I have a piece of code that fails with the following error at the trainer.step line -
UserWarning: Gradient of Parameter `resnetv20_conv0_weight` on context gpu(0) has not been updated by backward since last `step`. This could mean a bug in your model that made it only use a subset of the Parameters (Blocks) for this iteration. If you are intentionally only using a subset, call step with ignore_stale_grad=True to suppress this warning and skip updating of Parameters with stale gradient
I cannot understand why.
What’s happening in this code is that I define a new autograd.function with a custom backward pass and apply it on the model parameters.

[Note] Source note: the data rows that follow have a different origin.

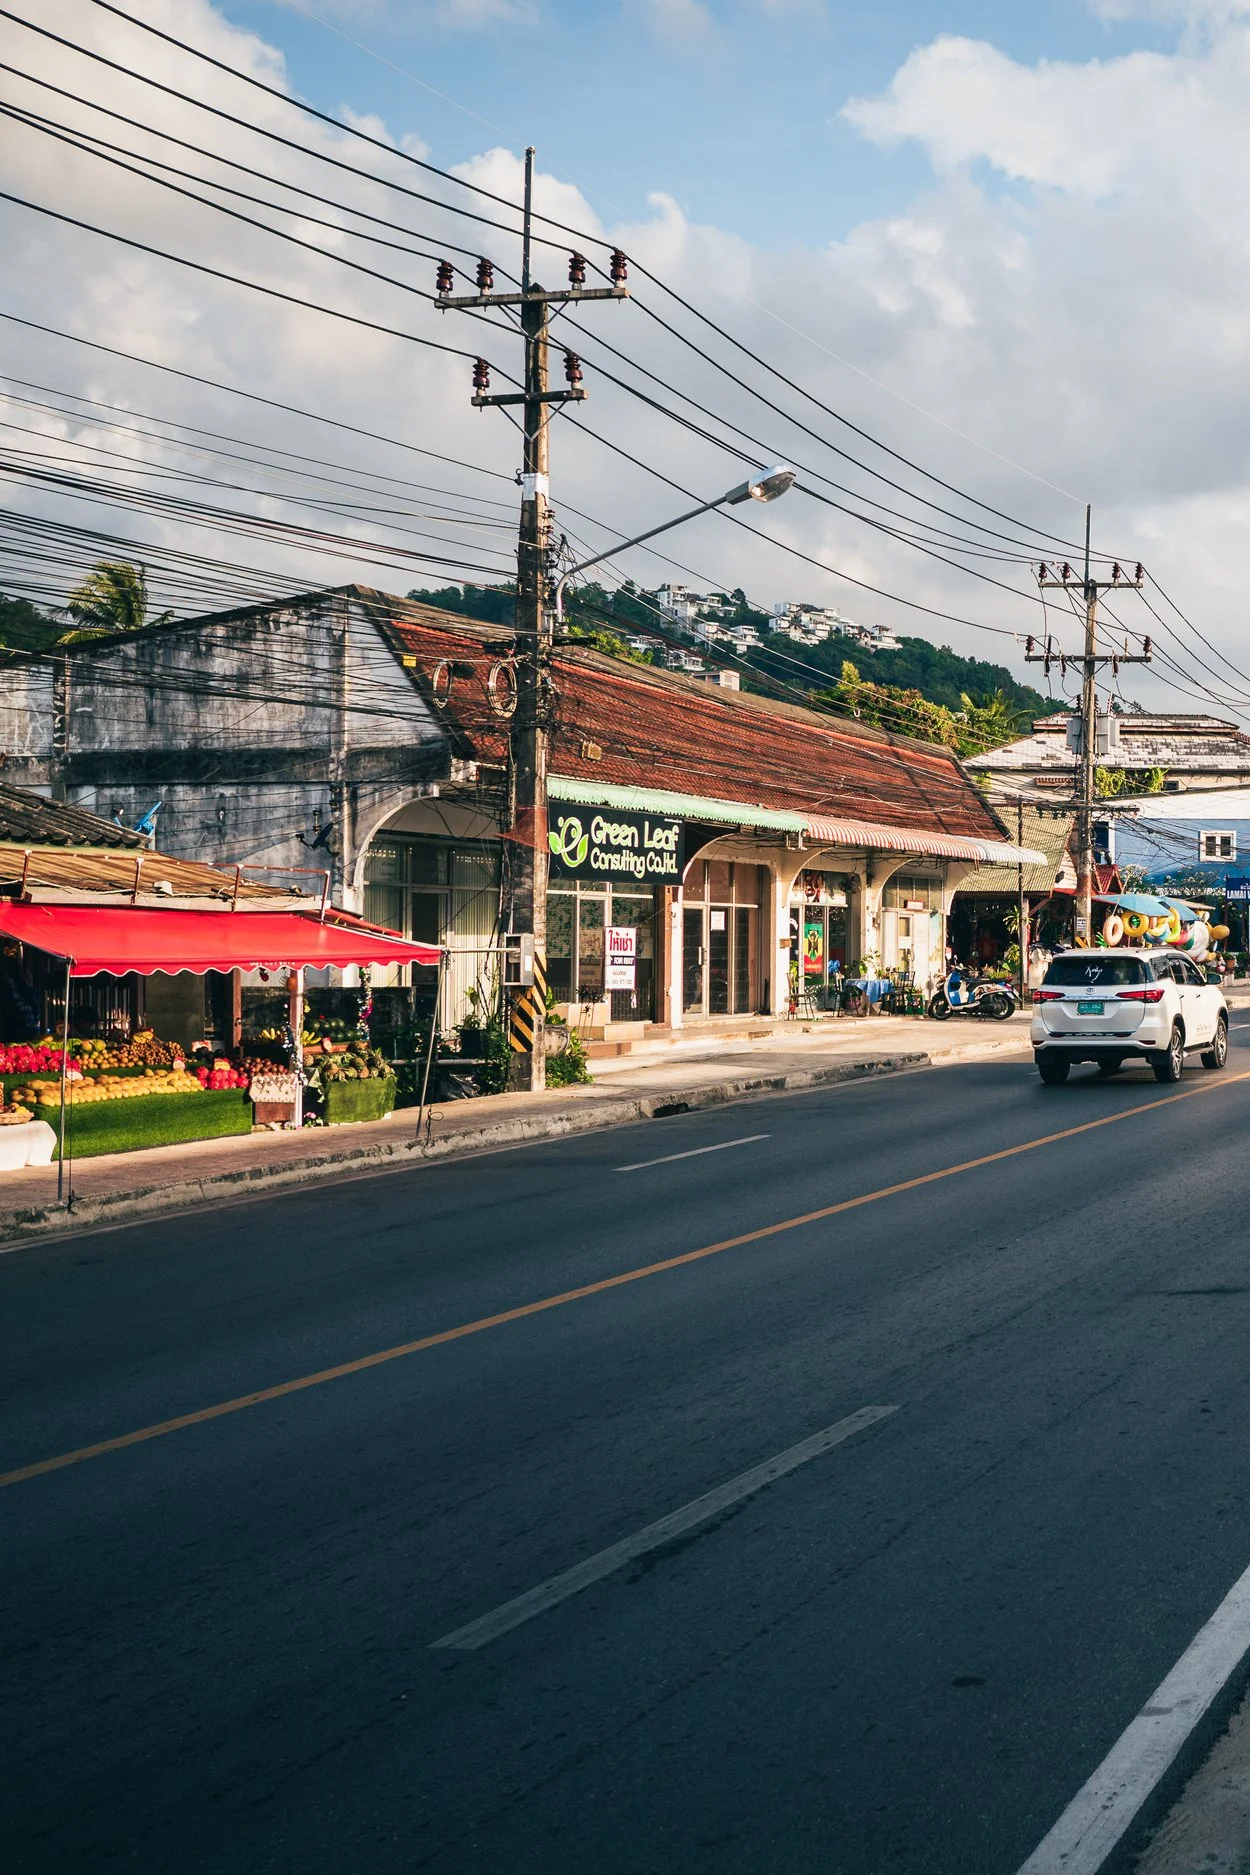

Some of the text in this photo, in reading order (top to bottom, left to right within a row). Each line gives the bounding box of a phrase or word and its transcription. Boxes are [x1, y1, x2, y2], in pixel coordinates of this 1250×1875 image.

[591, 815, 680, 851] Green Leaf
[590, 847, 645, 879] Consulting
[1227, 890, 1247, 899] LAMAI
[608, 929, 634, 952] ให้เช่า
[613, 956, 623, 965] FOR

My goal is to be able to re-weight of the gradients based on certain input matrix, which has the same dimension as the gradient -
class weight_layer(mx.autograd.Function):
def forward(self, x, weights):
self.save_for_backward(weights)
y = 1.0 * x
return y
def backward(self, dy):
weights, = self.saved_tensors
return dy * weights, mx.nd.zeros(shape=weights.shape, ctx=mx.gpu(0))

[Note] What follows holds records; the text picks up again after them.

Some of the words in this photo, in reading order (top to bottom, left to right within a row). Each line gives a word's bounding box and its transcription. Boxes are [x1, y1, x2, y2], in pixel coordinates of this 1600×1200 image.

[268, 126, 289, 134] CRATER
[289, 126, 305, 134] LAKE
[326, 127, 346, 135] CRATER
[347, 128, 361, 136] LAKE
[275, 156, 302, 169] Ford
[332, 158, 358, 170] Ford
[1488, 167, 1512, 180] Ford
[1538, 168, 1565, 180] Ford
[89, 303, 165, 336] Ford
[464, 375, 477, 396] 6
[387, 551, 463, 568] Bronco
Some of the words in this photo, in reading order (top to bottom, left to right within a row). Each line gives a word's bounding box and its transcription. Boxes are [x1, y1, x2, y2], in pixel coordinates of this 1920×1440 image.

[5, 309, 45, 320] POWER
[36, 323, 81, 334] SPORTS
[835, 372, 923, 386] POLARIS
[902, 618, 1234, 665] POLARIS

weight_ly = weight_layer()
with ag.record():
output = net_forward(net, data)
output = [weight_ly(x, mx.nd.ones_like(x, ctx=ctx)) for x in output]
[x.attach_grad() for x in output]
loss = [loss_fns[0](yhat, y) for yhat, y in zip(output, label)]
for l_idx in range(len(loss)):
ag.backward(loss[l_idx]) # Ignore the confidence loss here
trainer.step(batch_size)
Update -
I switched to using a Custom layer and I get the same error. I believe it has something to do with the weight layer I introduce but I can’t figure out what it is.
class GradientWeight(mx.operator.CustomOp):
def forward(self, is_train, req, in_data, out_data, aux):
self.assign(out_data[0], req[0], in_data[0])
def backward(self, req, out_grad, in_data, out_data, in_grad, aux):
weight = in_data[1]
y = in_grad[0] * weight
self.assign(in_grad[0], req[0], y)
@mx.operator.register("gradient_weight")
class GradientWeightProp(mx.operator.CustomOpProp):
def __init__(self):
super(GradientWeightProp, self).__init__(need_top_grad=False)
def list_arguments(self):
return ['data', 'weight']
def list_outputs(self):
return ['output']
def infer_shape(self, in_shape):
data_shape = in_shape[0]
weight_shape = in_shape[0]
output_shape = in_shape[0]
return [data_shape, weight_shape], [output_shape], []
def create_operator(self, ctx, shapes, dtypes):
return GradientWeight()
with ag.record():
output = net_forward(net, data)
output = [mx.nd.Custom(x, mx.nd.ones_like(x, ctx=ctx), op_type="gradient_weight") for x in output]
[x.attach_grad() for x in output]
loss = [loss_fns[0](yhat, y) for yhat, y in zip(output, label)]
All help is appreciated. Thanks